SEO/BirdLife e Caja Rural Foundation stanno collaborando per studiare gli uliveti centenari nella regione spagnola di Somontano per sviluppare misure che promuovano la biodiversità e aggiungano valore all'olio d'oliva prodotto nella regione. Il progetto mira a replicare il successo del progetto Olivares Vivo in Andalusia, che ha visto un aumento del 30% della flora e della fauna nelle aziende olivicole che hanno adottato il modello, con conseguenti benefici sia per l'ambiente che per la qualità dell'olio d'oliva prodotto.
L'organizzazione benefica SEO/BirdLife e Caja Rural Foundation si sono unite per studiare gli uliveti centenari nella regione di Somontano, nel nord-est della Spagna.
L'obiettivo dello studio è sviluppare misure che promuovano la biodiversità negli uliveti secolari e aggiungano valore all'olio d'oliva prodotto tradizionalmente nella piccola regione di Aragona, noto soprattutto per i suoi vini.
In definitiva, SEO/BirdLife ha affermato che spera di sviluppare un programma nella regione simile a quello del Olivares vivo progetto in Andalusia, che ha registrato un aumento del 30 per cento della flora e della fauna negli oliveti che hanno adottato il modello.
Vedi anche:Il programma per la biodiversità riesce a ripristinare le specie negli olivetiSomontano ha una lunga tradizione olivicola.
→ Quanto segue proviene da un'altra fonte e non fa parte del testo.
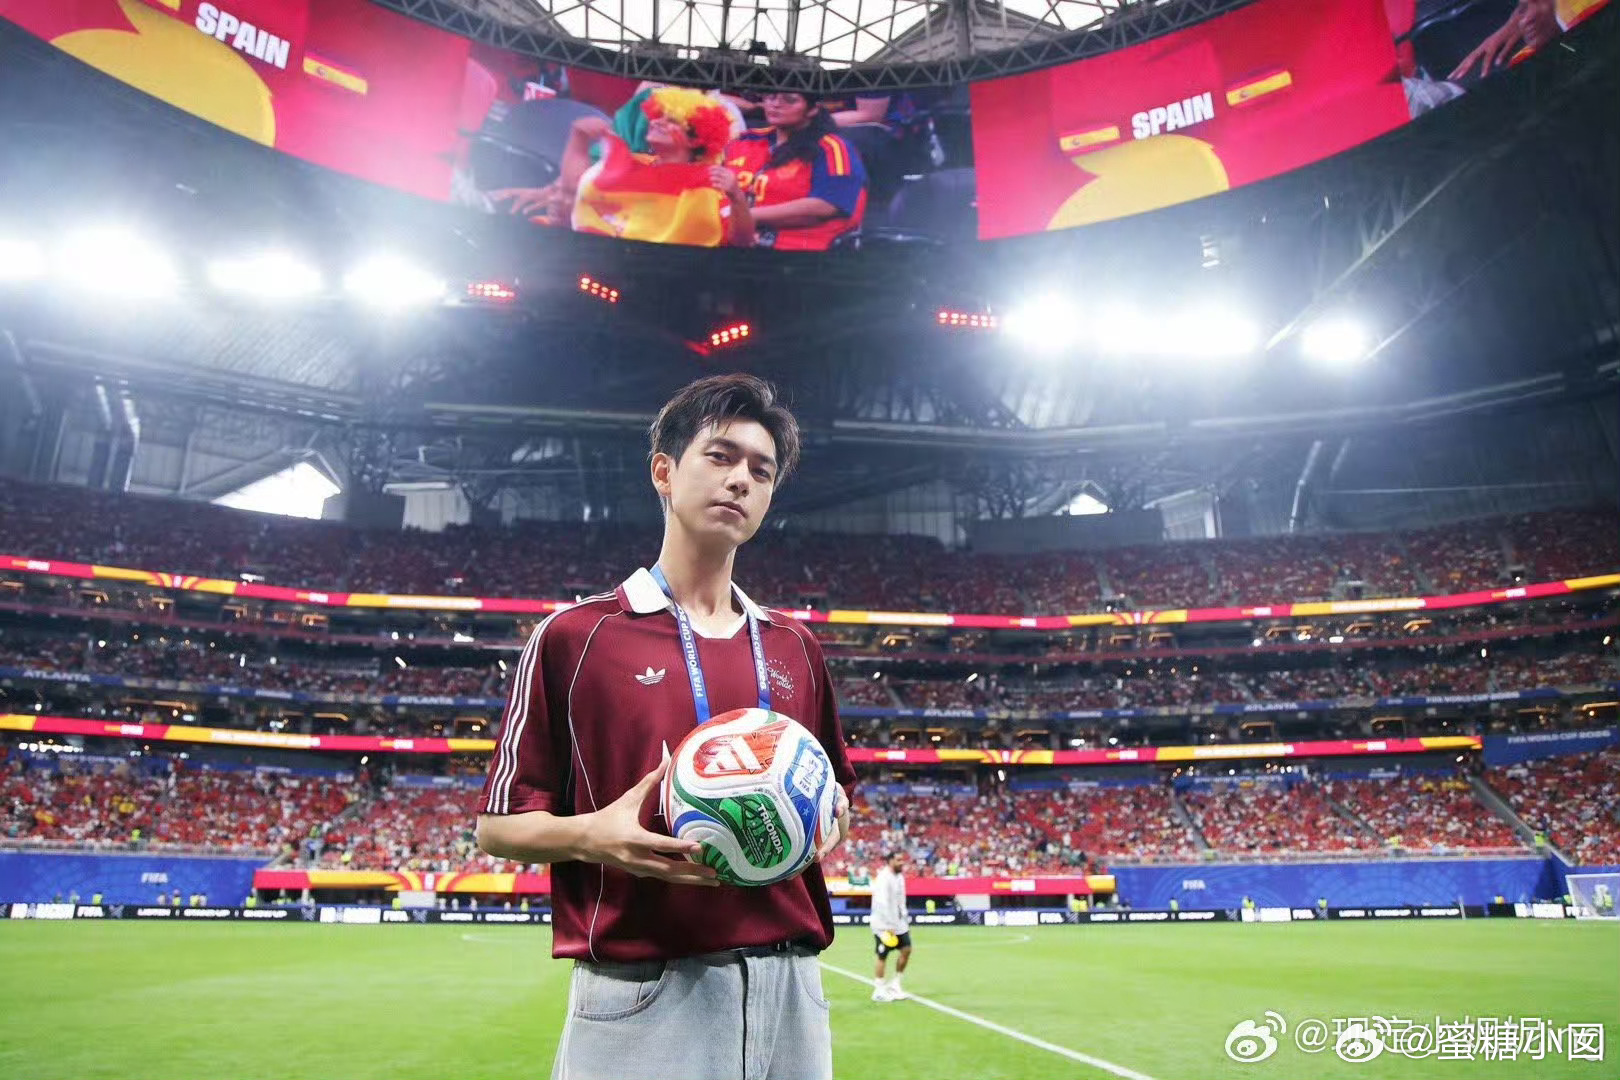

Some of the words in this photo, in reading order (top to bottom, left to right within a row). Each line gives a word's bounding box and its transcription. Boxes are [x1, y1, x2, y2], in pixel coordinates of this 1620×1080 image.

[195, 1, 290, 70] SPAIN
[1131, 92, 1215, 140] SPAIN
[681, 623, 691, 640] CUP
[685, 642, 698, 674] WORLD
[23, 669, 91, 682] ATLANTA
[693, 674, 704, 697] FIFA
[757, 803, 784, 855] TRIONDA
[141, 872, 168, 883] FIFA
[1183, 879, 1206, 890] FIFA
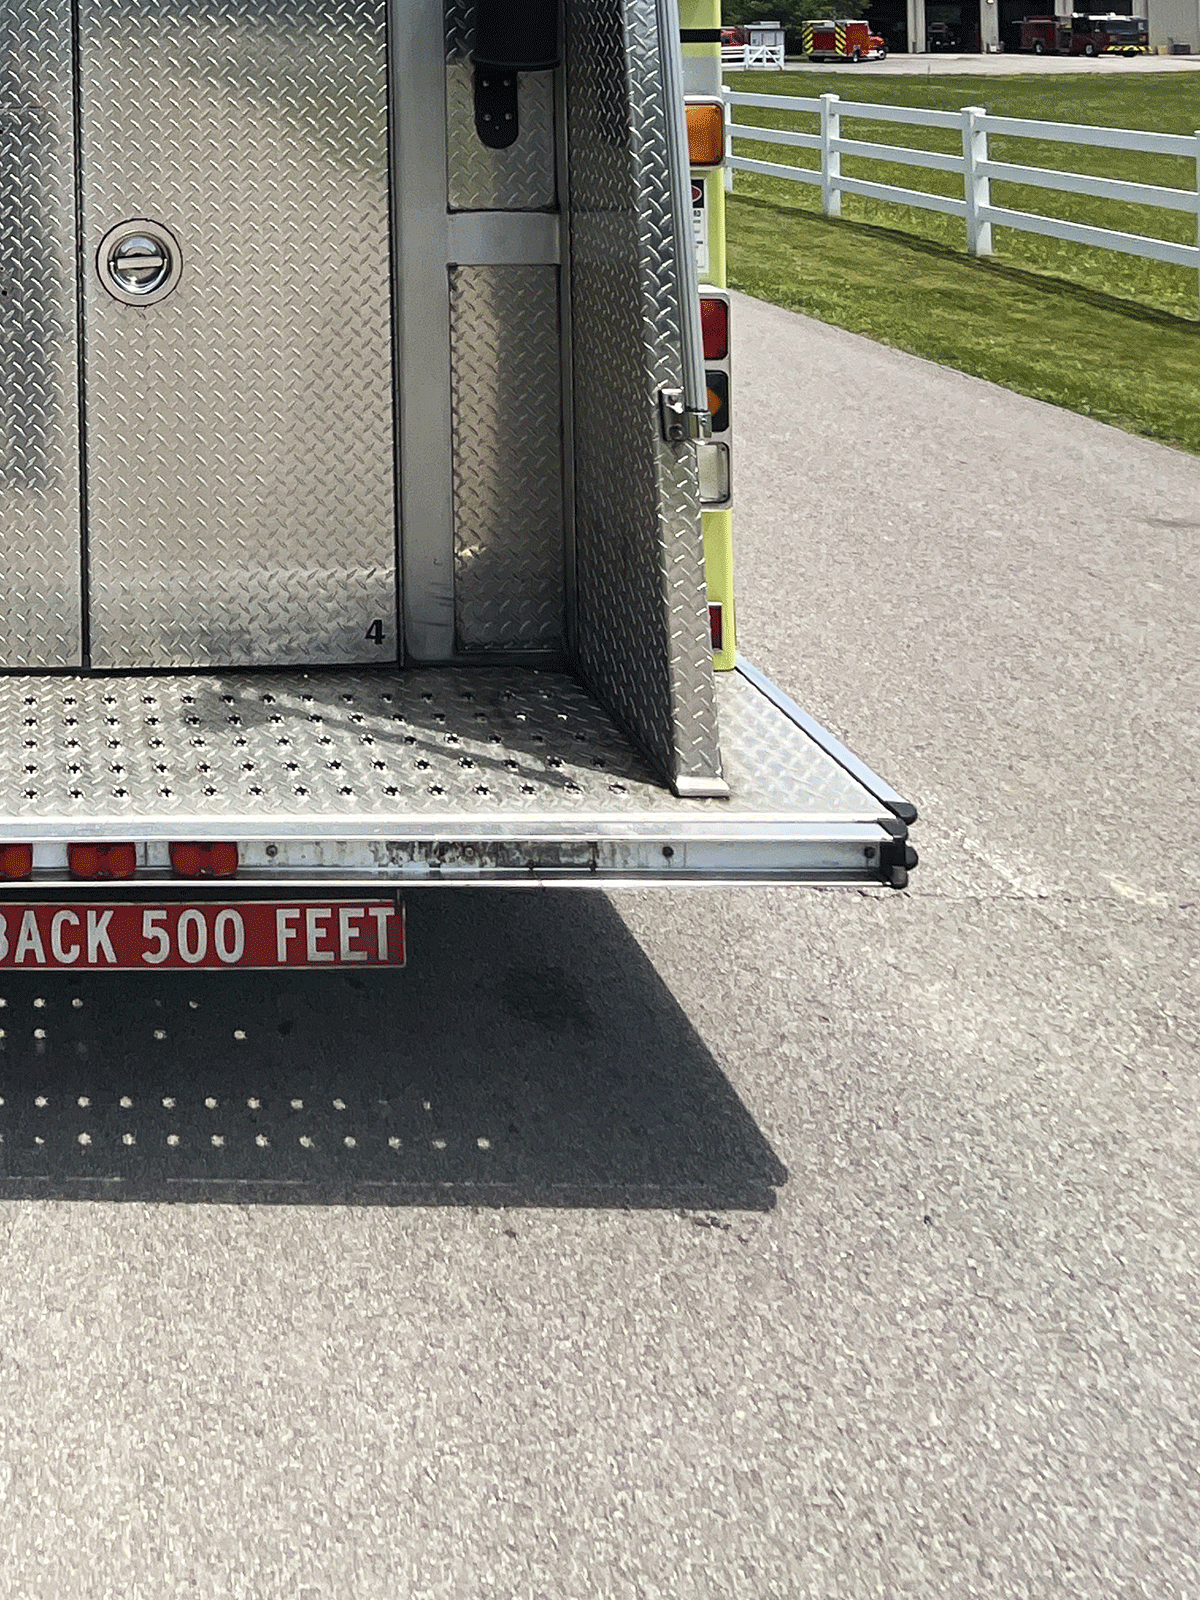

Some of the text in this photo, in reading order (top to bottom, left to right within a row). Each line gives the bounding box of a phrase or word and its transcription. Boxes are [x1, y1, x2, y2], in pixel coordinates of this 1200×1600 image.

[364, 619, 386, 645] 4
[141, 908, 246, 965] 500
[276, 906, 397, 963] FEET
Come in molte altre parti della Spagna, la maggior parte dei coltivatori della regione segue pratiche tradizionali, concentrandosi sulla qualità e sulle varietà locali anziché sul volume.
Attualmente, la regione ospita 3,719 ettari di uliveti pluviali mentre 226 ettari sono irrigui.
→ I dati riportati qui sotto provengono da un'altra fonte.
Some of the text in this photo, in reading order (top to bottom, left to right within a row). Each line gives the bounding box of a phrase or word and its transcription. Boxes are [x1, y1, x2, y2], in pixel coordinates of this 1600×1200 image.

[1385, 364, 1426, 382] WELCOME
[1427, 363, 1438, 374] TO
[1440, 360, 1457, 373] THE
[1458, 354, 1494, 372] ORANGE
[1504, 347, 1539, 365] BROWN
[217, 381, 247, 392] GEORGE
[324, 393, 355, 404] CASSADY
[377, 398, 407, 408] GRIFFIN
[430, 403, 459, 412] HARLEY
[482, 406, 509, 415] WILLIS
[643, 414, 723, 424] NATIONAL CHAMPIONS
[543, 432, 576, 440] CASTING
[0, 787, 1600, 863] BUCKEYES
Poiché gli uliveti di Somontano sono colture tradizionali a bassa densità, la meccanizzazione delle aziende agricole è una vera sfida. Per rendere questi boschetti competitivi in un mercato globale, è necessario fare affidamento sulla qualità e la differenziazione di elementi come le varietà tradizionali e il rispetto per la flora e la fauna naturali della regione.
Il progetto è stato doppiato 'Il miglioramento della biodiversità negli oliveti di Somontano' è iniziato lo scorso anno con la selezione di 10 aziende agricole per lo studio.
Durante questa fase del progetto, i ricercatori si sono concentrati sull'avifauna negli allevamenti poiché gli uccelli sono bioindicatori ideali dello stato dell'habitat. Hanno anche studiato la vegetazione, compresa la flora legnosa che cresce nei campi incolti, per scoprire gli effetti della semplificazione del paesaggio agrario e dell'uso dei pesticidi.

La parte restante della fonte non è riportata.